[rsbac] Programs that drop priviliges

Amon Ott ao at rsbac.org
Wed Apr 4 09:19:23 CEST 2007


On Tuesday 03 April 2007 19:50, Sven Seeland wrote:
> I already have another question. I think I already know the answer
> but I want to be sure. Normally a program isn't allowed to
> MODIFY_SYSTEM_DATA on the capabilities SCD. If I have a program
> that is started as root and then wants to drop root priviliges I
> have to grant it the right to MODIFY_SYSTEM_DATA on said SCD
> (right?).

Yes. Maybe we should always allow reducing the cap set.

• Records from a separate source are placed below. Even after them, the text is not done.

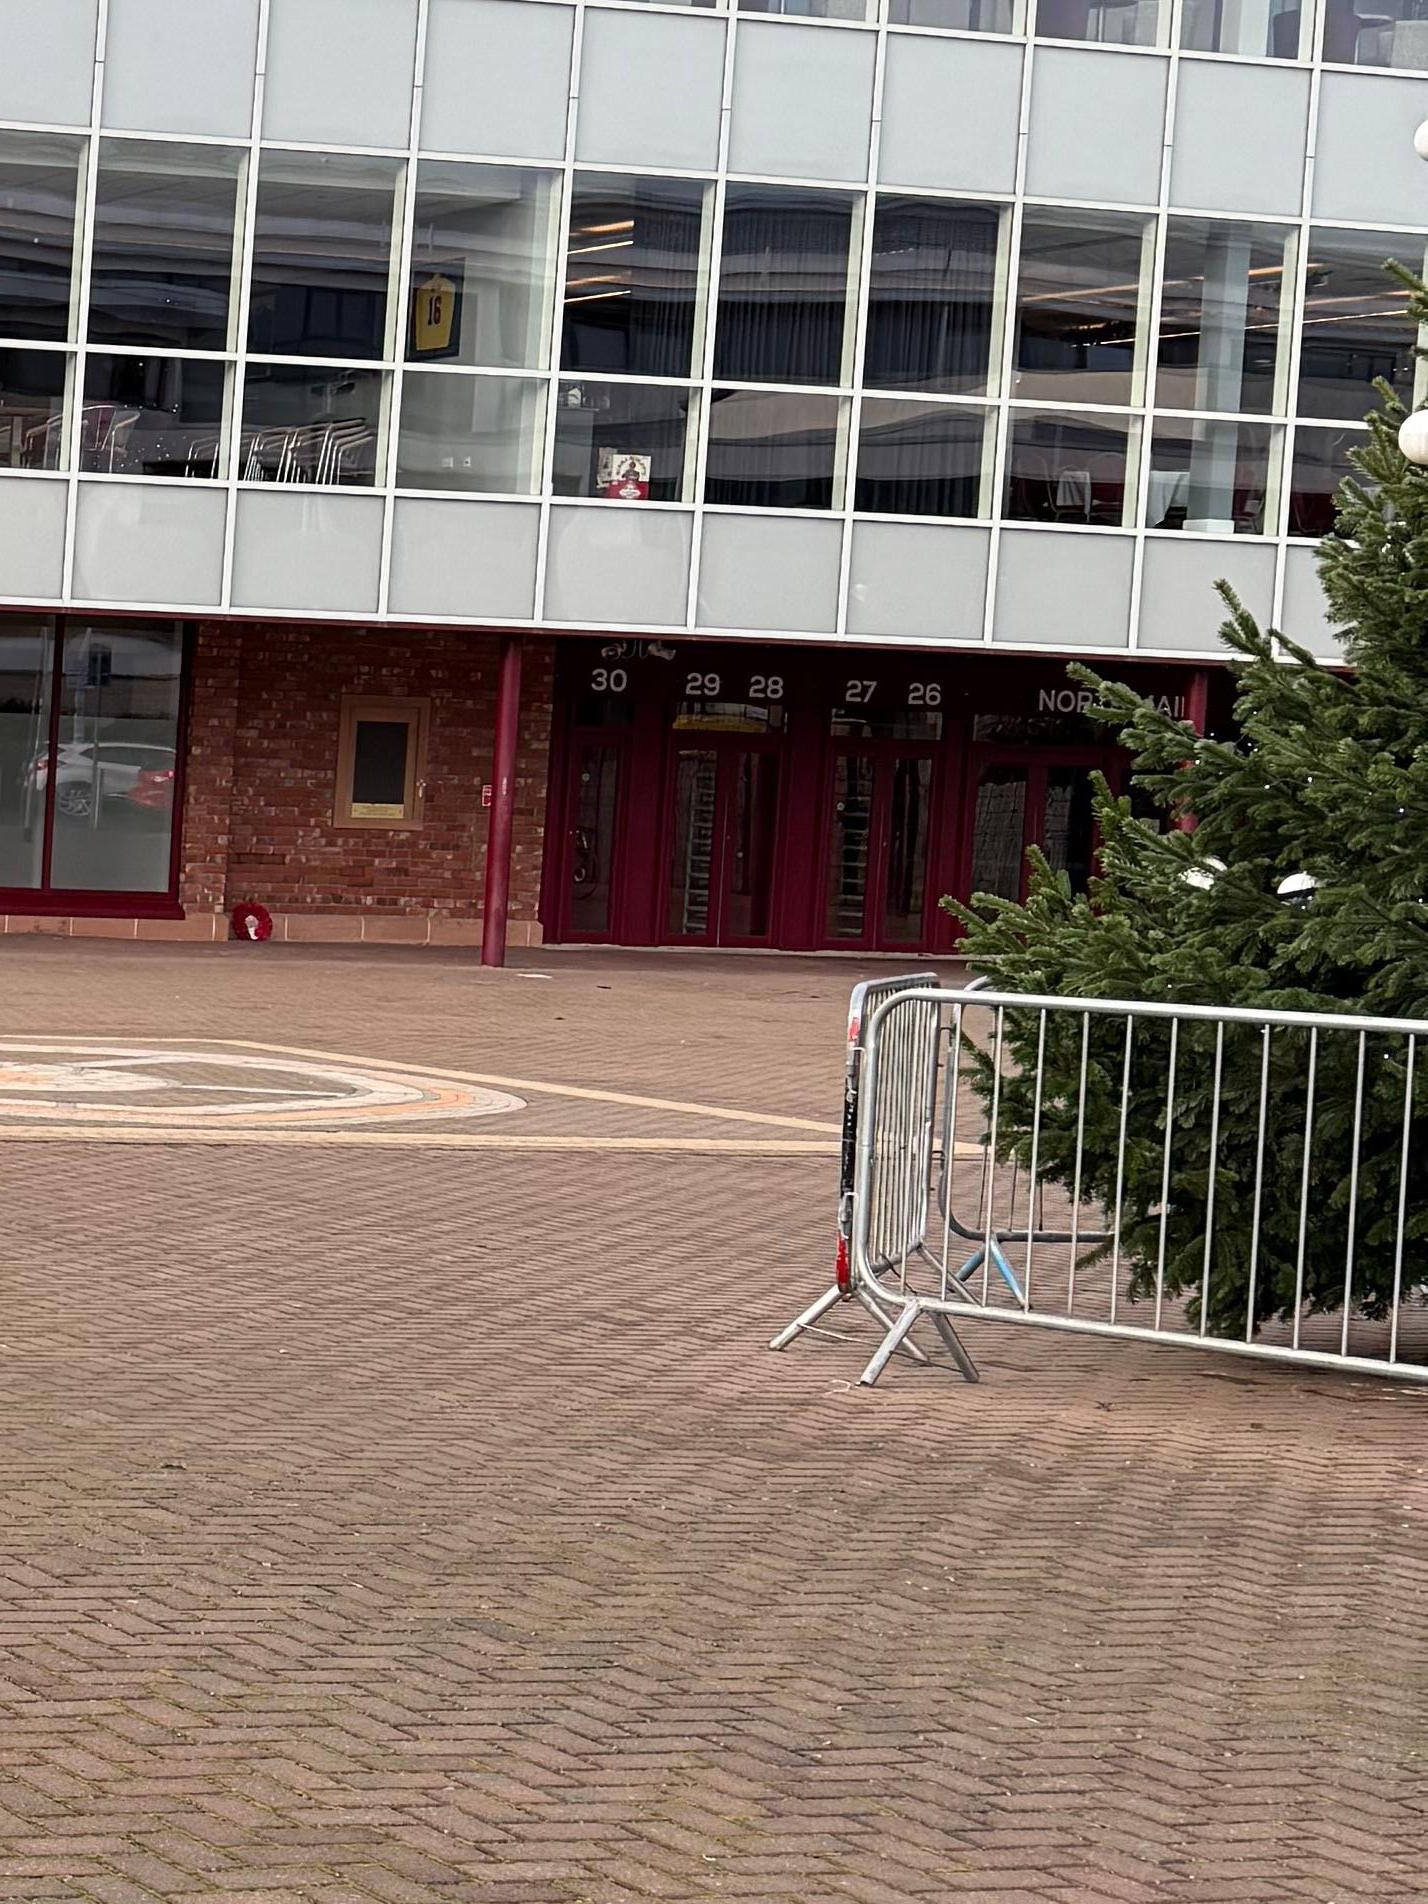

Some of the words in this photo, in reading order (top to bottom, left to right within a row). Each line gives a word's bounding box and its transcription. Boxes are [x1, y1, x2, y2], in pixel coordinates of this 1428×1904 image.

[428, 295, 442, 326] 16
[591, 668, 628, 692] 30
[685, 672, 721, 696] 29
[749, 675, 784, 698] 28
[846, 680, 878, 703] 27
[907, 683, 942, 706] 26
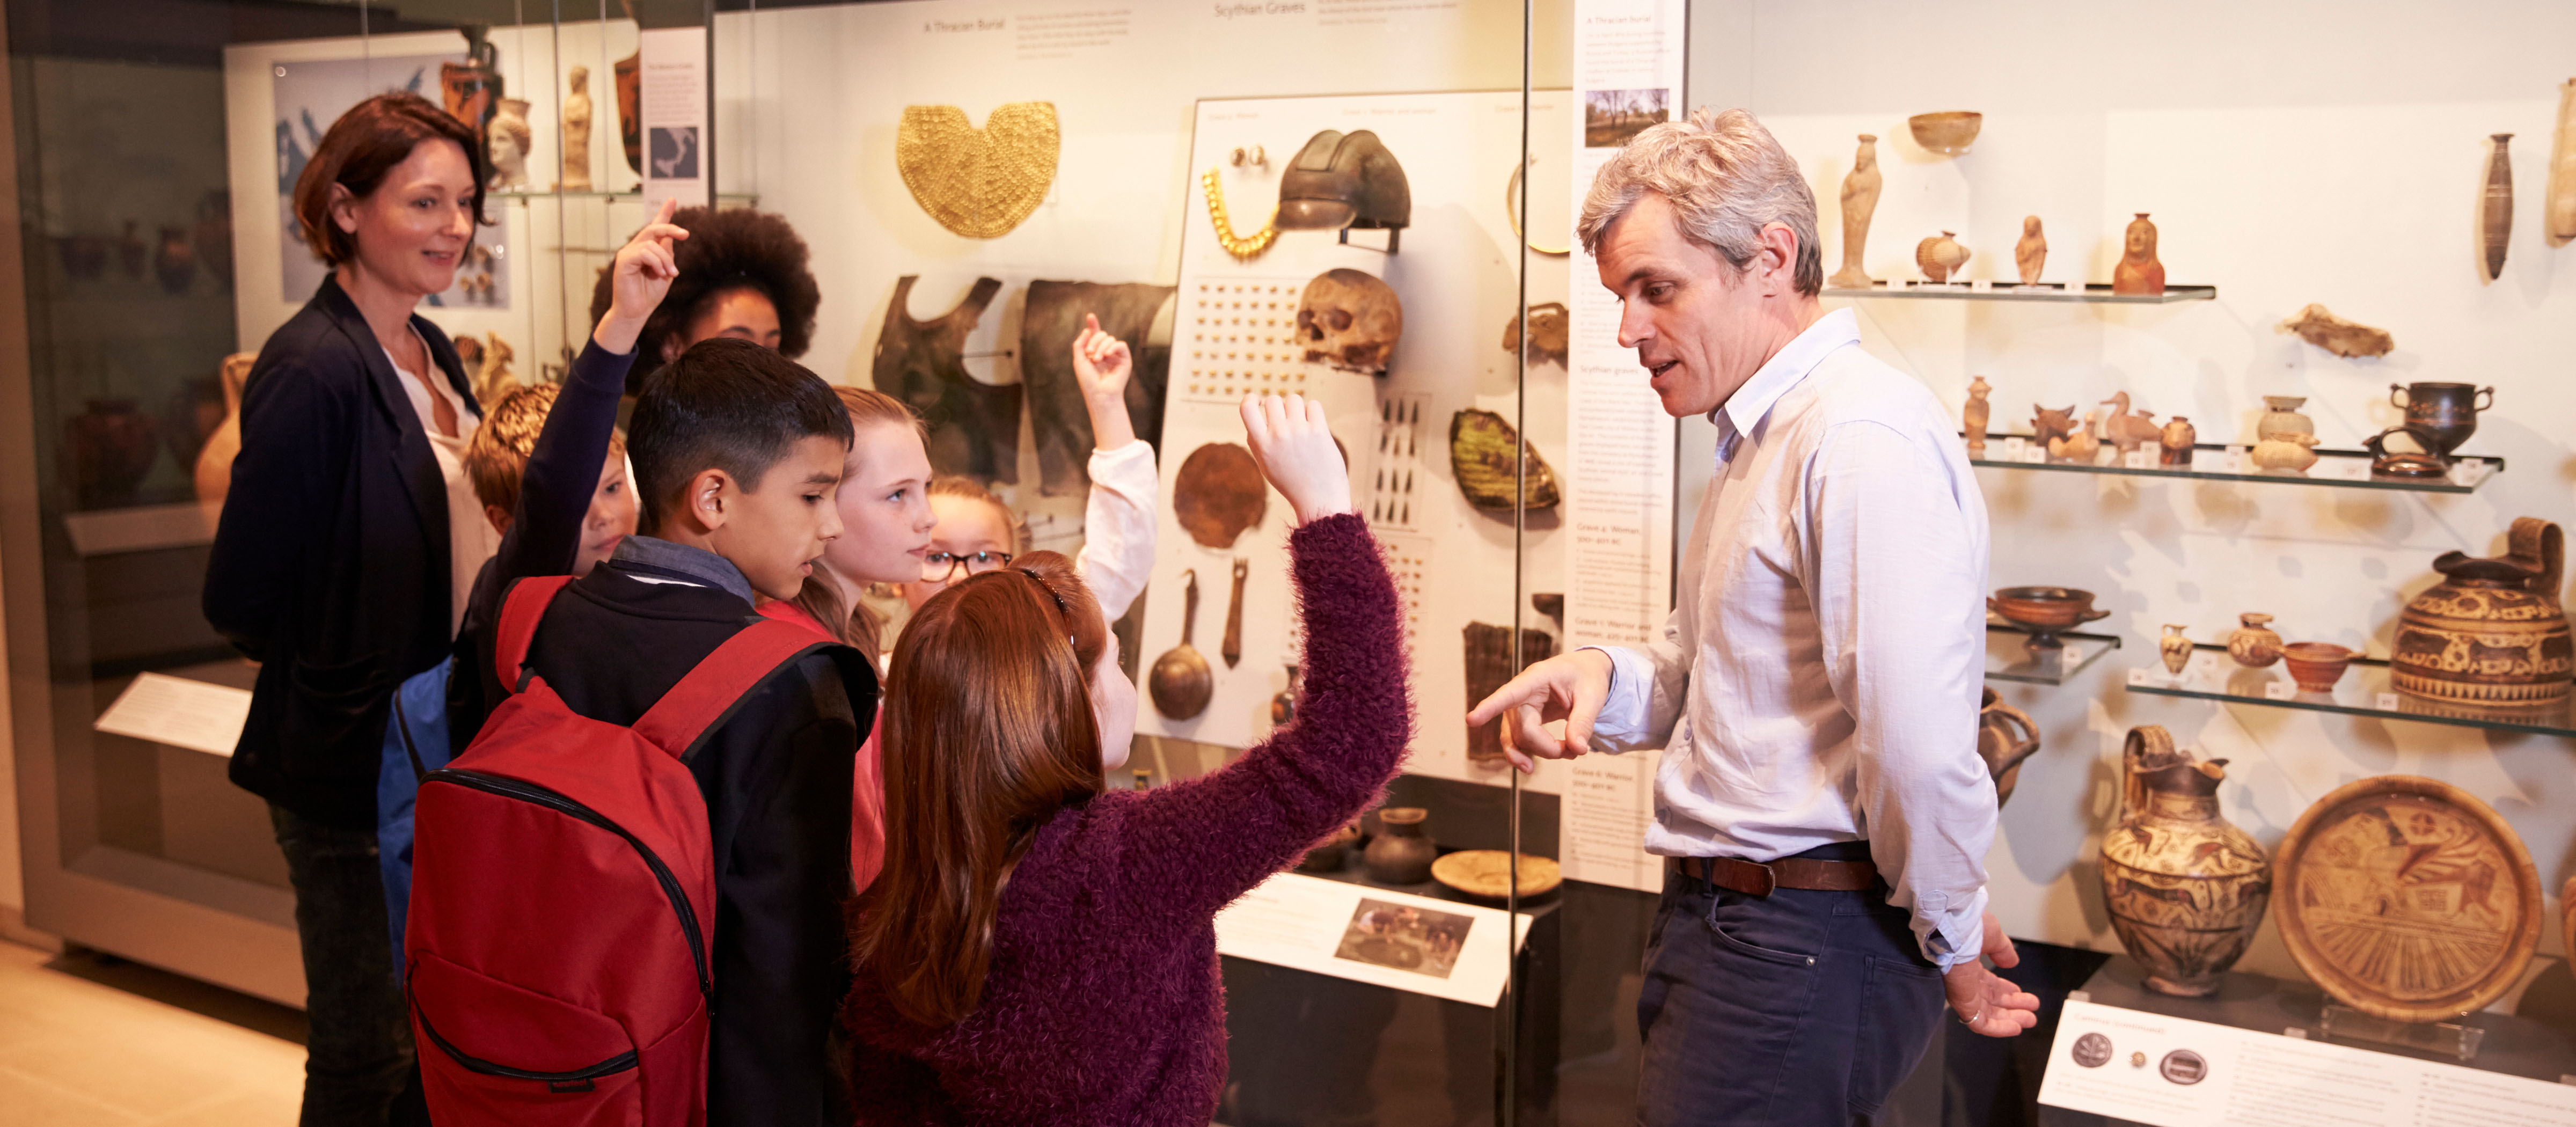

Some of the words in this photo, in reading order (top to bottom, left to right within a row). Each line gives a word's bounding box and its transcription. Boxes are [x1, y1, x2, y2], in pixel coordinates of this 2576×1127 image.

> If that program then drops the capability to change its
> capabilities it should no longer be able to acquire any
> capabilities, even though it has the right to MODIFY_SYSTEM_DATA on
> SCP 22, right?

It needs the SETPCAP capability to set any caps. It it dropped that, 
too, it cannot regain anything.

> Just want to be sure because I don't want somebody who manages to
> hack into my ntpd to be able to acquire all sorts of root
> priviliges.

That's a good idea. If you want to decide about allowed caps yourself, 
you can use the CAP module. It allows to set a max_caps set, so that 
the process will never have more caps than you want it to. The "show 
missing caps" kernel option to CAP (see its help) can show you all 
cases where you have been too strict.

And while we are at it: If you start ntpd with
rsbac_jail -dD -G ksyms -M rlimit mlock clock time_strucs ntpd
it will not even see any other process, and JAIL will deny any other 
kind of SCD access. If you are running RSBAC 1.3 and it has to 
connect to syslog, you should add -y and run your syslog with
rsbac_jail -Y -i -dD -t syslogd

Instead of using CAP, JAIL can also reduce the available Linux 
capabilities with -C <list-of-caps>

Amon.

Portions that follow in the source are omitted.